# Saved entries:
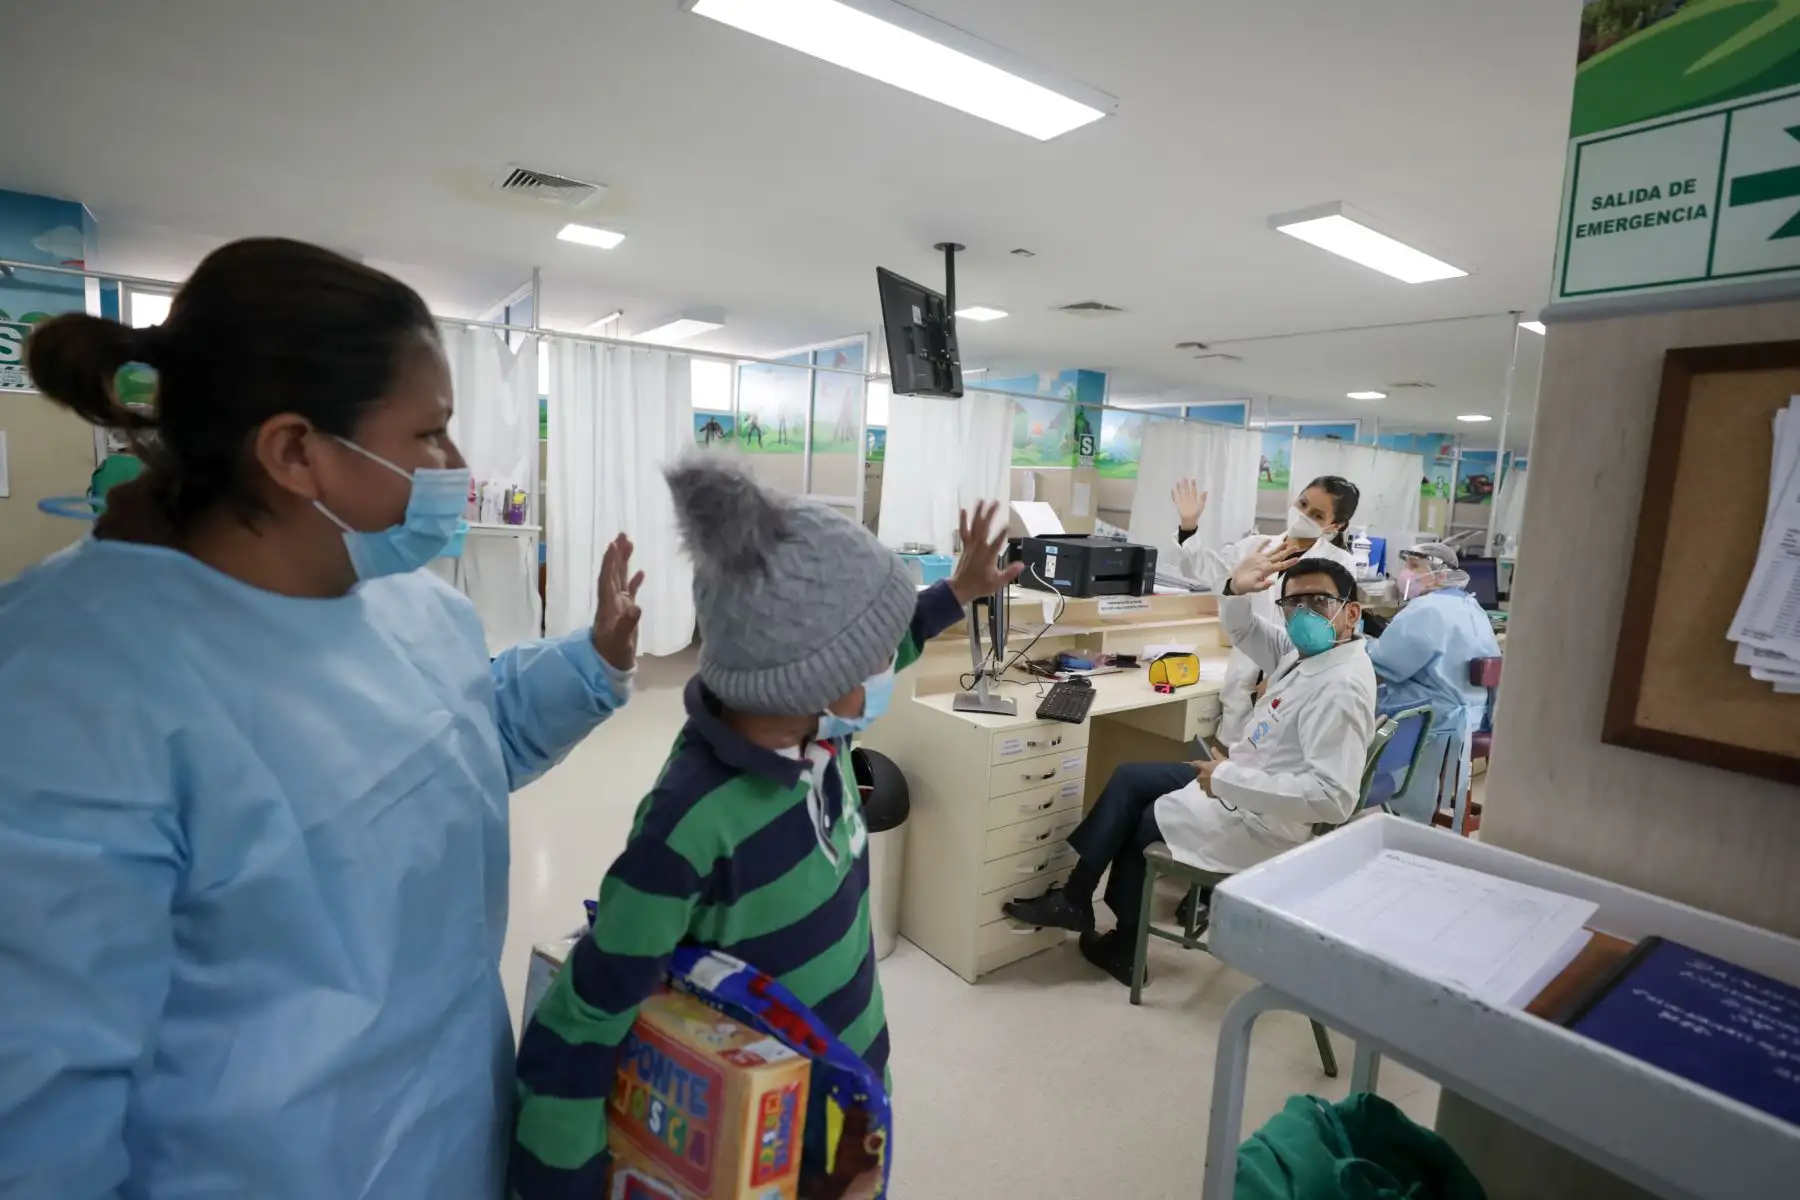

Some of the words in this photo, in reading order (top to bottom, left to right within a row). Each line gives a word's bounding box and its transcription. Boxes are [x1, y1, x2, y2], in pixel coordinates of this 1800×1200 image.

[1591, 185, 1662, 211] SALIDA
[1669, 178, 1698, 197] DE
[1575, 204, 1708, 239] EMERGENCIA
[1081, 436, 1093, 455] S

# THE TASK:
Leave out the pictures, and write out all the remaining data above exactly.

# REPLY:
Some of the words in this photo, in reading order (top to bottom, left to right within a row). Each line gives a word's bounding box and its transcription. Boxes are [x1, y1, x2, y2], in pixel coordinates of this 1800×1200 image.

[1591, 185, 1662, 211] SALIDA
[1669, 178, 1698, 197] DE
[1575, 204, 1708, 239] EMERGENCIA
[1081, 436, 1093, 455] S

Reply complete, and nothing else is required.